Thank you for the opportunity to respond to the thoughtful letter written by Dr. Hughes regarding my quote in the Ophthalmology Management article “Are Medical Societies and MDs Out of Sync?”

My statement reflected a personal observation on the totality of the bill and didn’t reflect extensive discussions of the pros and cons of the Patient Protection and Affordable Care Act. Neither the Academy nor I personally supported the health care reform bill in its final form. Working with a coalition of other surgical specialties, the Academy still has significant concerns about many aspects of this far-reaching piece of legislation. The good: coverage of most of the uninsured, removal of preexisting conditions as a barrier to commercial health insurance coverage, the elimination of lifetime and yearly caps on medical expenditures, the ability to keep young adult–dependents on a parent’s plan until age 26, and maintenance of a pluralistic health care delivery system. There are, however, many aspects of the bill that are onerous and will have to be addressed in the years to come.
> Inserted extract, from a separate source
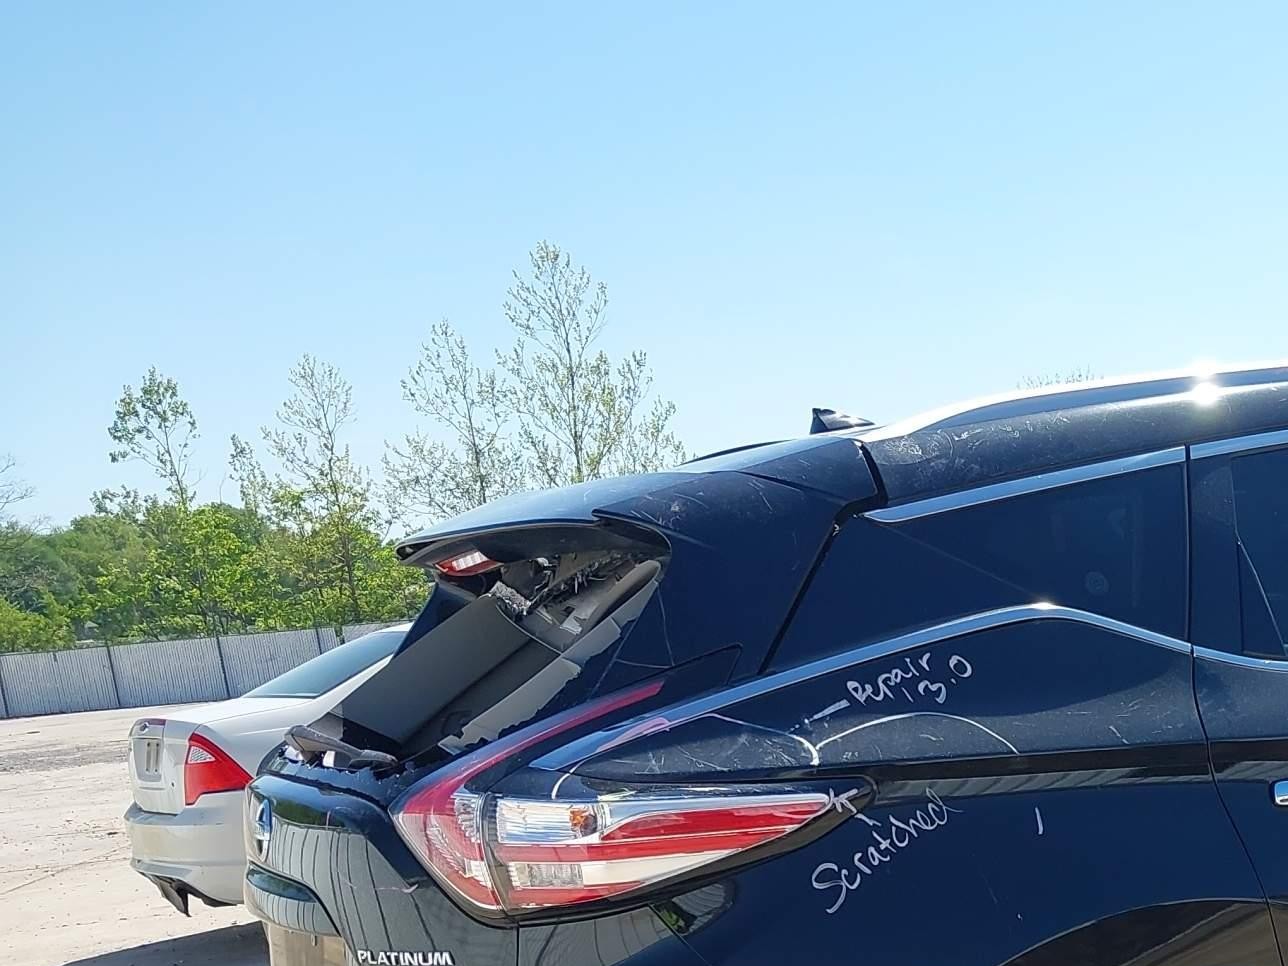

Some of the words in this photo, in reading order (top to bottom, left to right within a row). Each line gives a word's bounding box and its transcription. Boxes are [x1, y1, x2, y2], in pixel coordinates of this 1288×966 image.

[846, 652, 932, 705] Repair
[811, 787, 963, 914] Scratched
[357, 950, 454, 966] PLATINUM
I couldn’t agree more with Dr. Hughes about the need for medicine to strongly articulate the core values that are important to us all. While we can’t ignore the need for some changes in the U.S. health care system, we must forcefully defend the importance of the physician-patient relationship as critical to the care process.

The Academy will continue to advocate these principles for our patients and members as the bill undergoes ongoing refinement in the years ahead.

William L. Rich III, MD   
Falls Church, Va.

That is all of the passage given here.